-------- RECORD SET

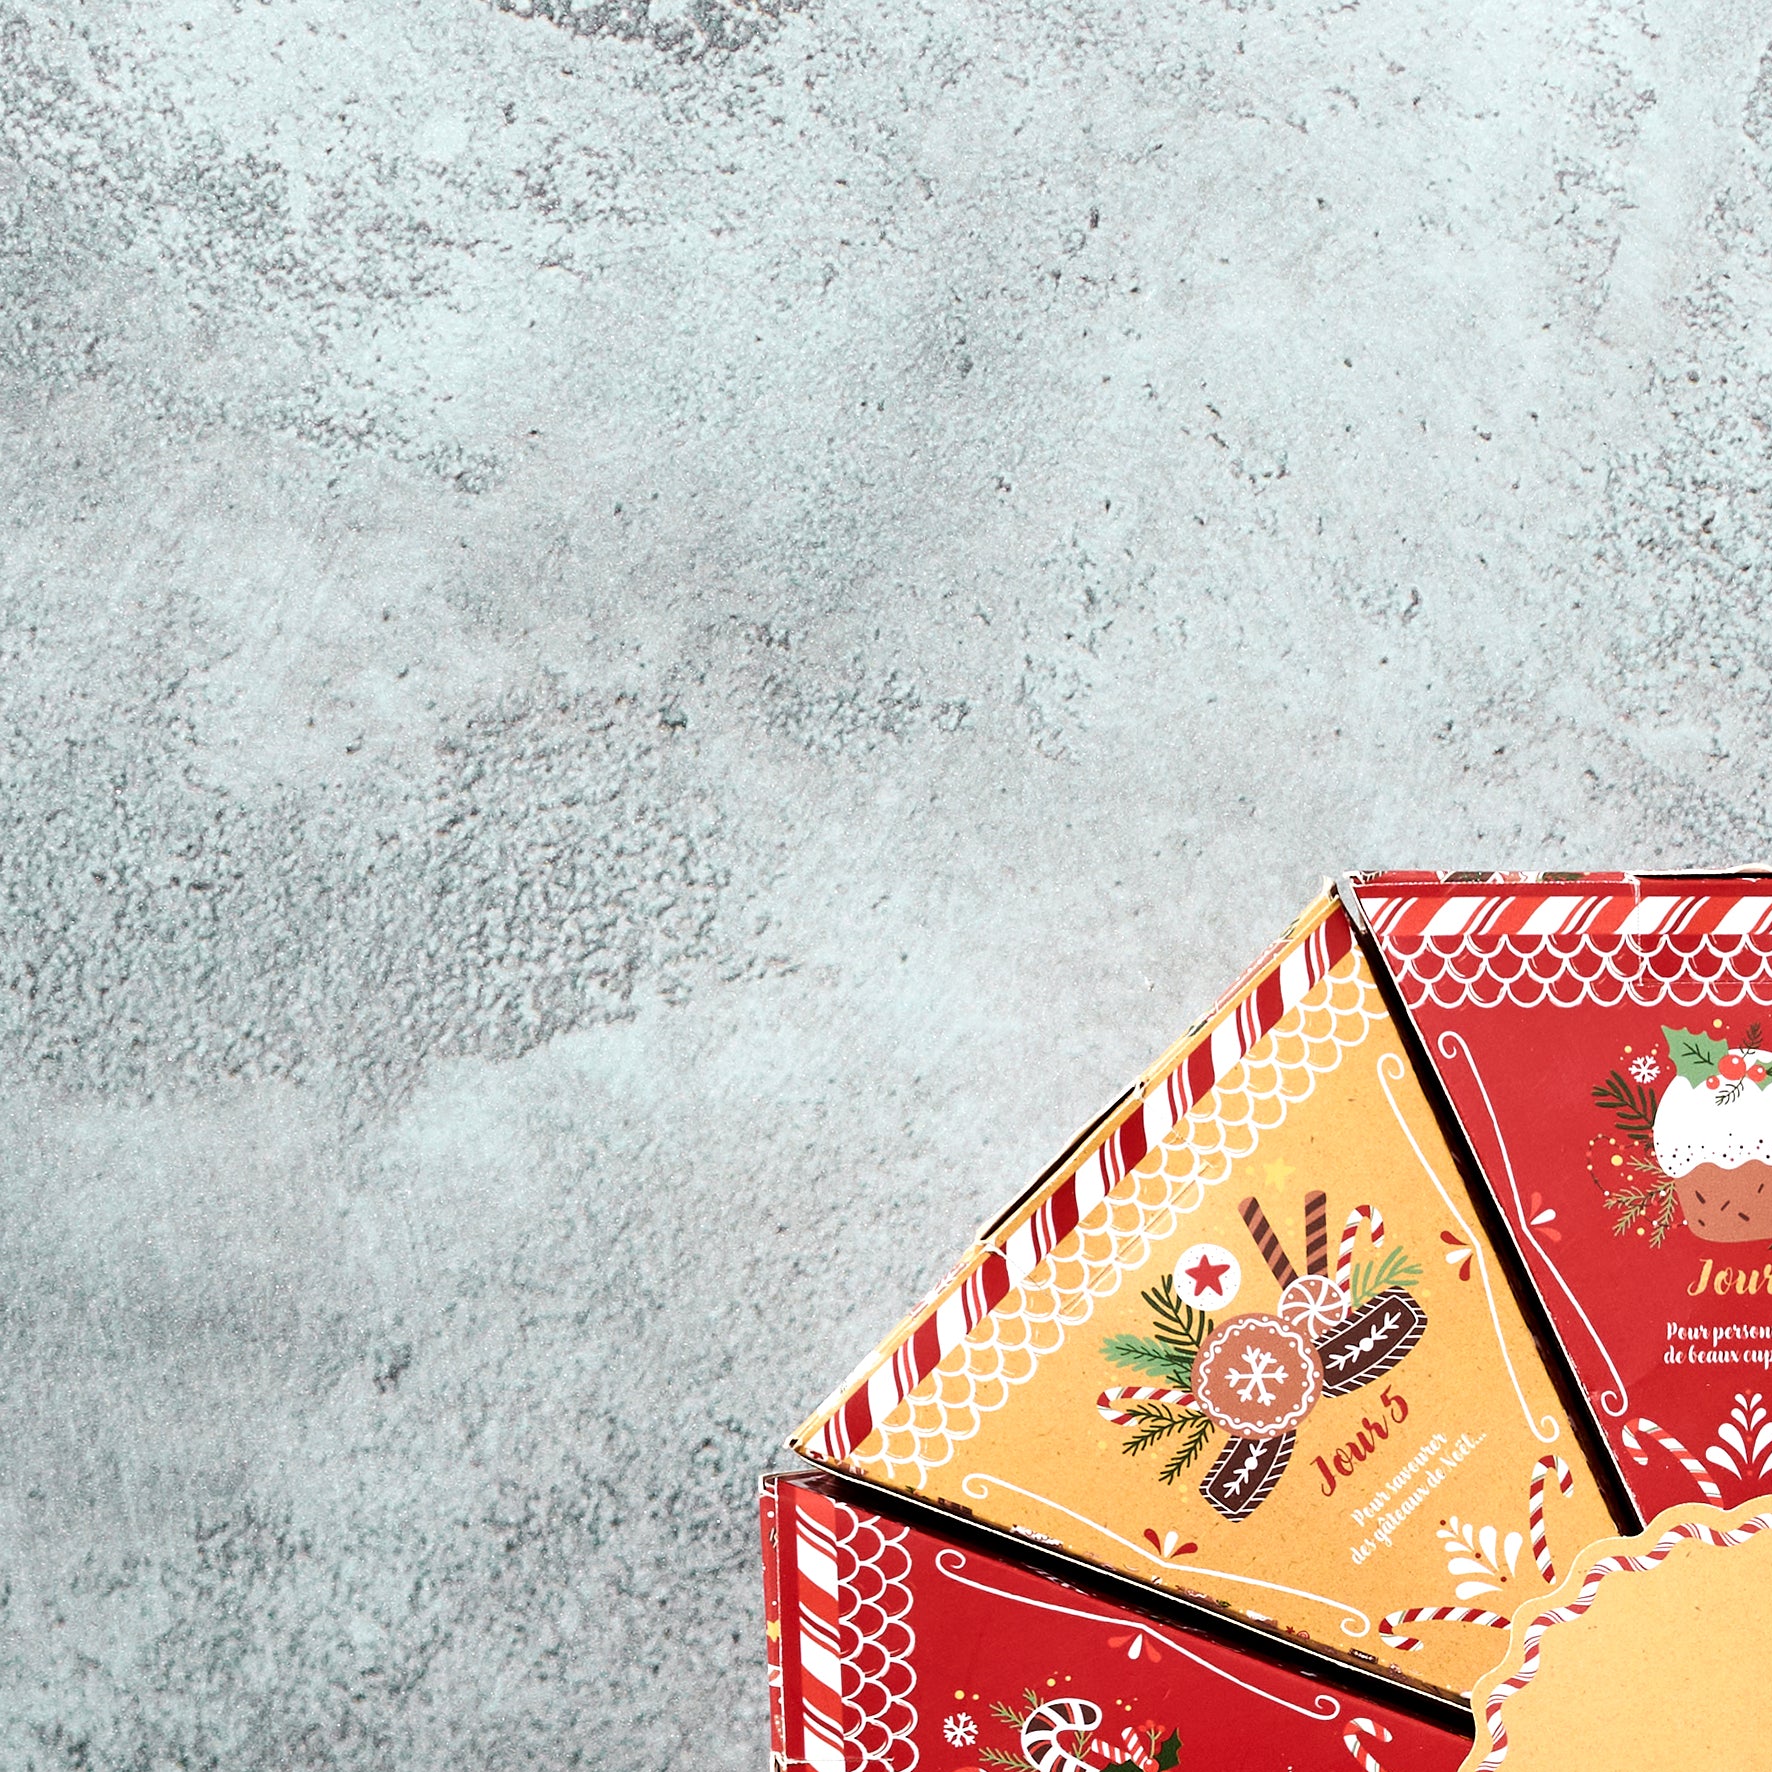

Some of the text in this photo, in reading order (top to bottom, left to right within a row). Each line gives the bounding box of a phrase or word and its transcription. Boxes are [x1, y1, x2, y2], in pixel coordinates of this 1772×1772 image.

[1664, 1345, 1685, 1364] de
[1688, 1345, 1740, 1364] beaux
[1666, 1321, 1710, 1340] Pour
[1310, 1384, 1408, 1496] Jour 5
[1350, 1433, 1447, 1527] Pour savourer
[1350, 1433, 1487, 1564] des gâteaux de Noël...
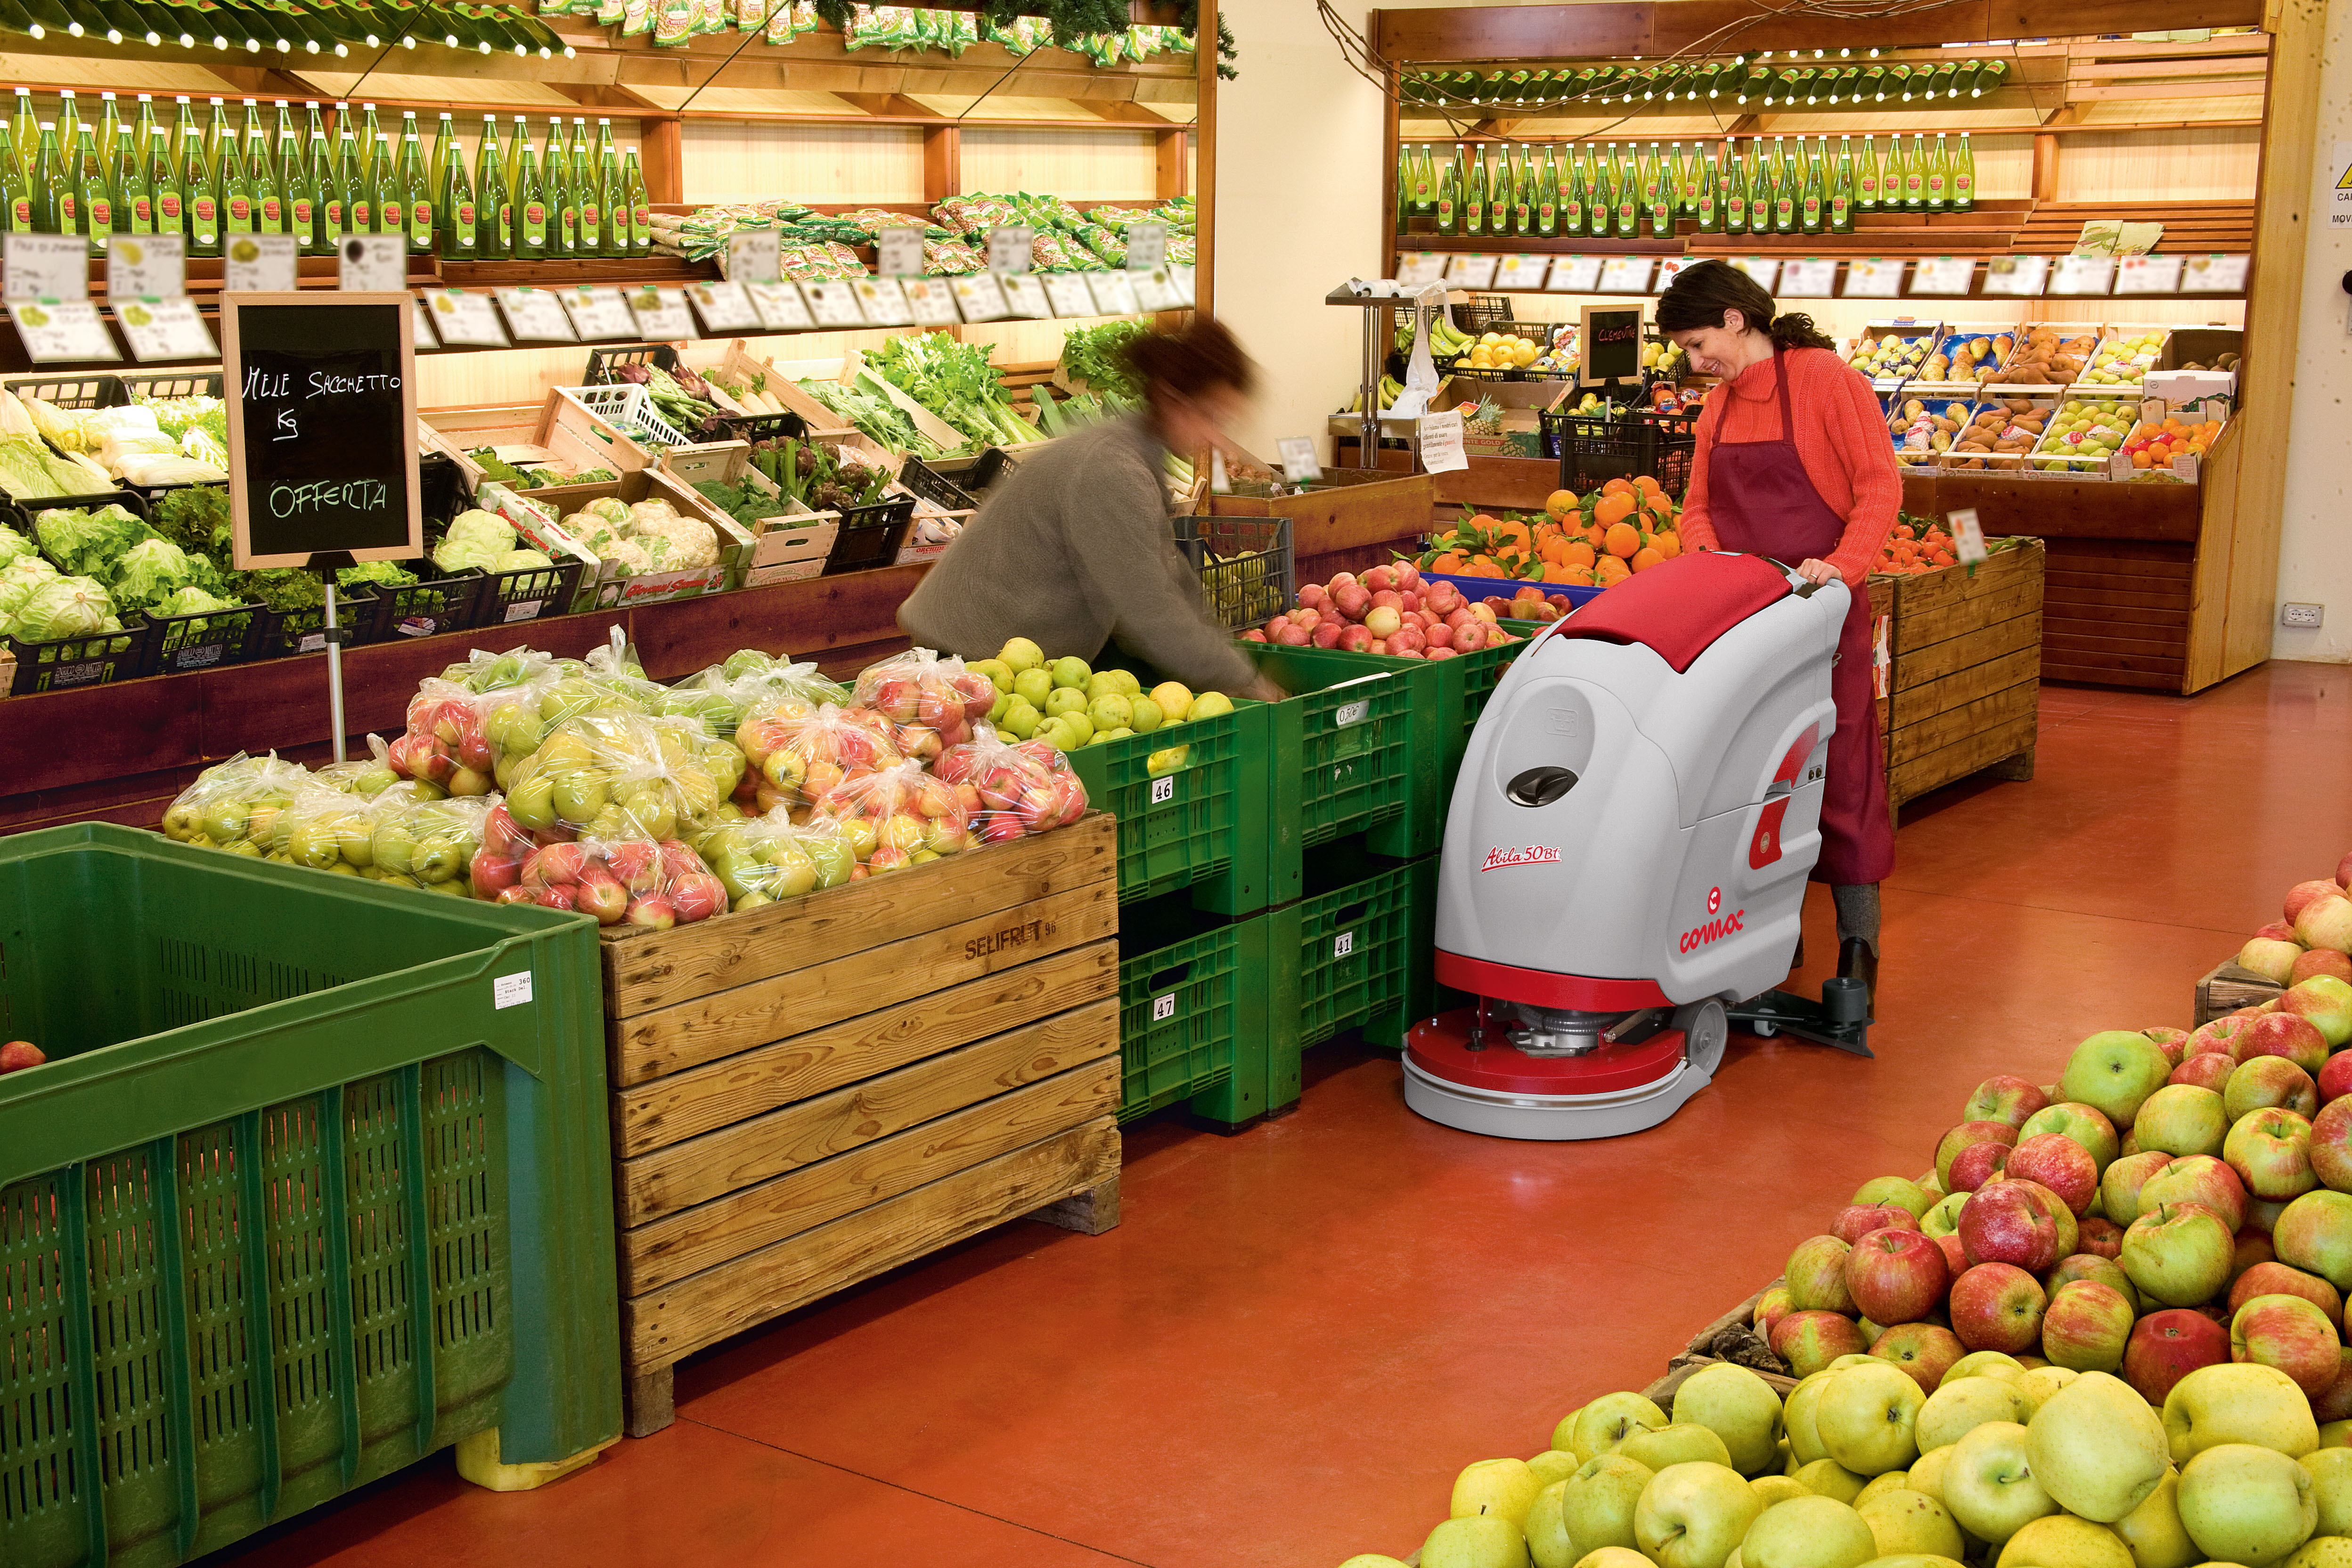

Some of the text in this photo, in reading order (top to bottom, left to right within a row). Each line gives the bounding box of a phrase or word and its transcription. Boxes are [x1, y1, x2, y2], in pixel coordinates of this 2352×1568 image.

[2337, 193, 2352, 201] CA
[2333, 215, 2352, 223] MOV
[242, 366, 401, 400] MELE SACCHETTO
[273, 408, 298, 441] Kg
[1423, 432, 1434, 440] clienti
[1423, 441, 1443, 450] gentilmente
[270, 479, 386, 518] OFFERTA
[84, 661, 104, 673] MATTEO
[1156, 783, 1170, 800] 46
[965, 920, 1043, 961] SELIFRUT
[1338, 938, 1350, 954] 41
[1157, 1000, 1172, 1017] 47

----------------

▶ _TASK_: The pictures in the data should be omitted, and every remaining line set down exactly.

▶ _WRITTEN ANSWER_:
Some of the text in this photo, in reading order (top to bottom, left to right within a row). Each line gives the bounding box of a phrase or word and its transcription. Boxes are [x1, y1, x2, y2], in pixel coordinates of this 1772×1772 image.

[1664, 1345, 1685, 1364] de
[1688, 1345, 1740, 1364] beaux
[1666, 1321, 1710, 1340] Pour
[1310, 1384, 1408, 1496] Jour 5
[1350, 1433, 1447, 1527] Pour savourer
[1350, 1433, 1487, 1564] des gâteaux de Noël...

Some of the text in this photo, in reading order (top to bottom, left to right within a row). Each line gives the bounding box of a phrase or word and its transcription. Boxes are [x1, y1, x2, y2], in pixel coordinates of this 2352×1568 image.

[2337, 193, 2352, 201] CA
[2333, 215, 2352, 223] MOV
[242, 366, 401, 400] MELE SACCHETTO
[273, 408, 298, 441] Kg
[1423, 432, 1434, 440] clienti
[1423, 441, 1443, 450] gentilmente
[270, 479, 386, 518] OFFERTA
[84, 661, 104, 673] MATTEO
[1156, 783, 1170, 800] 46
[965, 920, 1043, 961] SELIFRUT
[1338, 938, 1350, 954] 41
[1157, 1000, 1172, 1017] 47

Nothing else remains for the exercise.